[WHAT IS BEING ASKED] Wherever a picture appears in the listing, leave it out, and copy the rest exactly.
SUPPLIED RECORDS: Begin
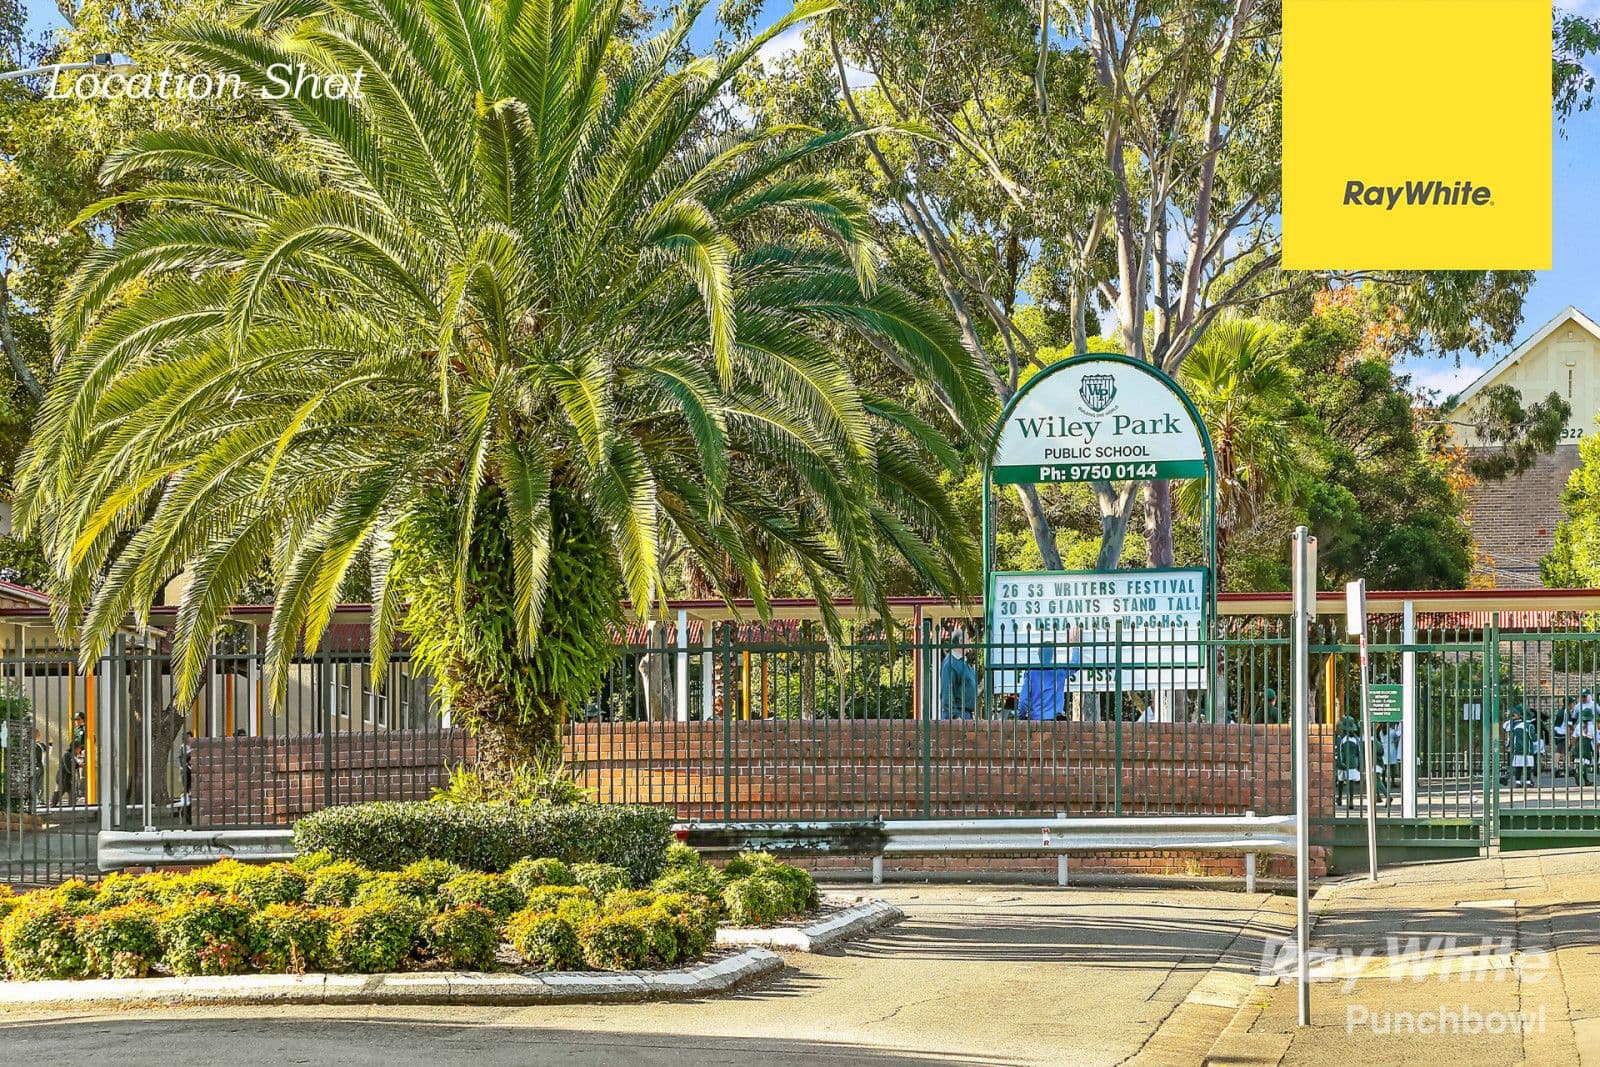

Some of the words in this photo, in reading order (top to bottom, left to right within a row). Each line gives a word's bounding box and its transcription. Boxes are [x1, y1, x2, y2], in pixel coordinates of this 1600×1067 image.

[1015, 415, 1102, 445] Wiley
[1112, 412, 1183, 436] Park
[1044, 447, 1092, 460] PUBLIC
[1095, 445, 1150, 458] SCHOOL
[1040, 465, 1066, 481] Ph:
[1070, 464, 1112, 480] 9750
[1116, 463, 1158, 479] 0144
[1002, 583, 1019, 599] 26
[1027, 583, 1044, 598] S3
[1053, 581, 1117, 597] WRITERS
[1126, 578, 1196, 595] FESTIVAL
[1000, 600, 1018, 616] 30
[1025, 600, 1041, 615] S3
[1048, 599, 1101, 614] GIANTS
[1113, 597, 1157, 613] STAND
[1167, 596, 1201, 611] TALL
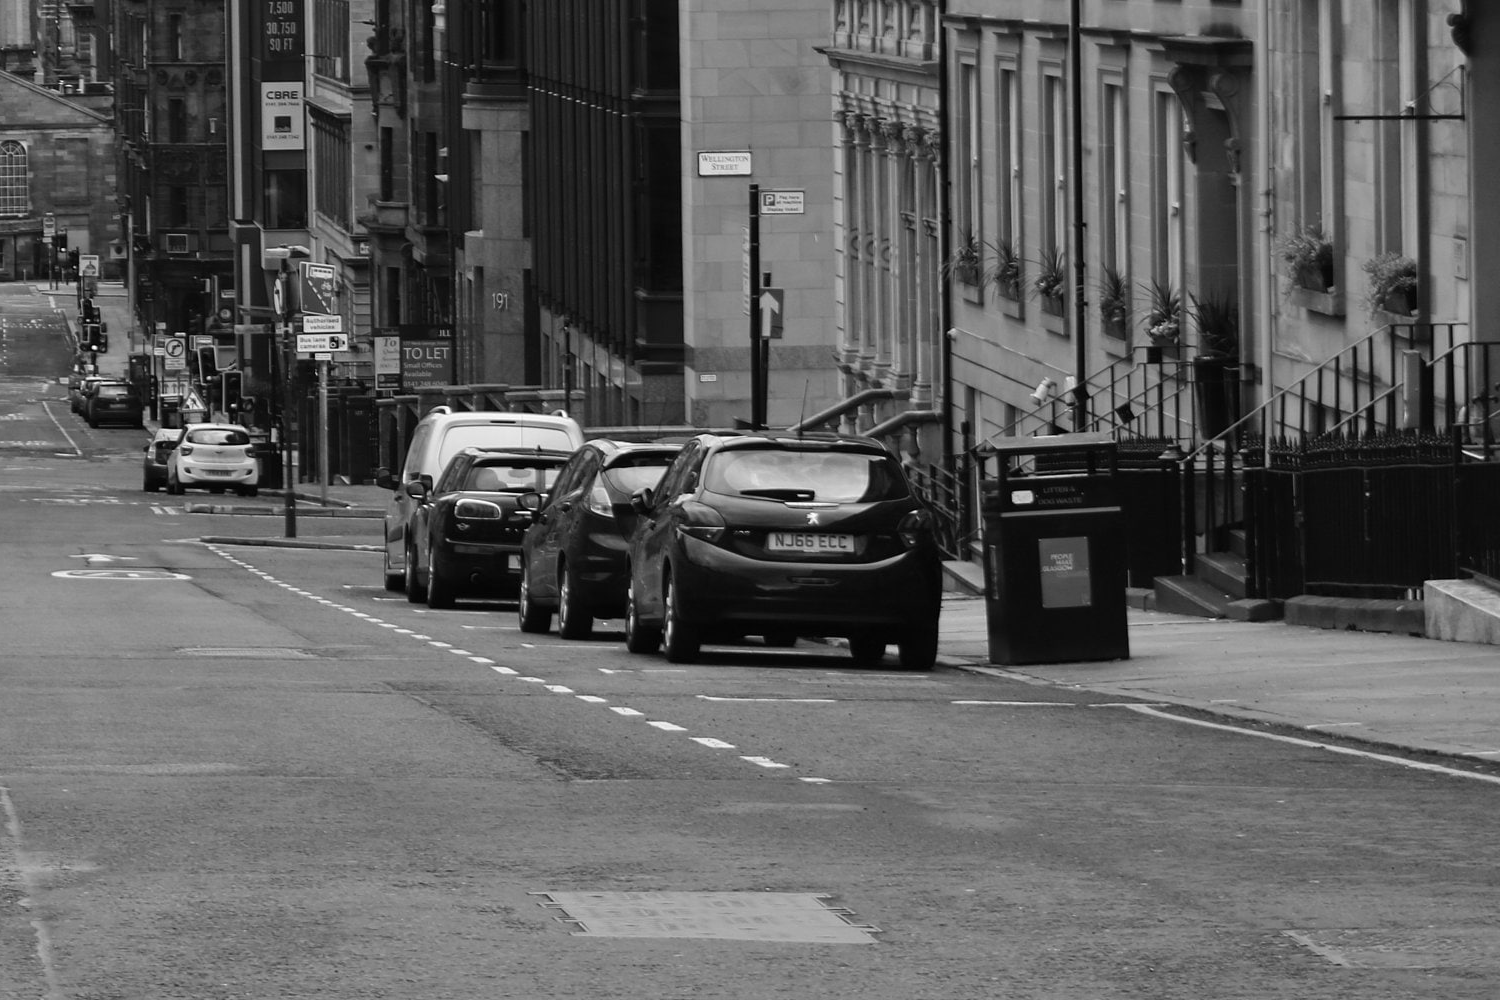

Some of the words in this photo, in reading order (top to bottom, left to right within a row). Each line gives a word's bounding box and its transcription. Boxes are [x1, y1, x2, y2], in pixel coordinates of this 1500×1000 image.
SUPPLIED RECORDS: End
[COMPLETED TASK]
Some of the words in this photo, in reading order (top to bottom, left to right within a row). Each line gives a word's bounding box and its transcription. Boxes are [x1, y1, x2, y2], in pixel coordinates of this 1600×1067 image.

[1015, 415, 1102, 445] Wiley
[1112, 412, 1183, 436] Park
[1044, 447, 1092, 460] PUBLIC
[1095, 445, 1150, 458] SCHOOL
[1040, 465, 1066, 481] Ph:
[1070, 464, 1112, 480] 9750
[1116, 463, 1158, 479] 0144
[1002, 583, 1019, 599] 26
[1027, 583, 1044, 598] S3
[1053, 581, 1117, 597] WRITERS
[1126, 578, 1196, 595] FESTIVAL
[1000, 600, 1018, 616] 30
[1025, 600, 1041, 615] S3
[1048, 599, 1101, 614] GIANTS
[1113, 597, 1157, 613] STAND
[1167, 596, 1201, 611] TALL

Some of the words in this photo, in reading order (top to bottom, left to right within a row). Each line gives a word's bounding box and its transcription. Boxes are [x1, y1, x2, y2], in pixel coordinates of this 1500×1000 image.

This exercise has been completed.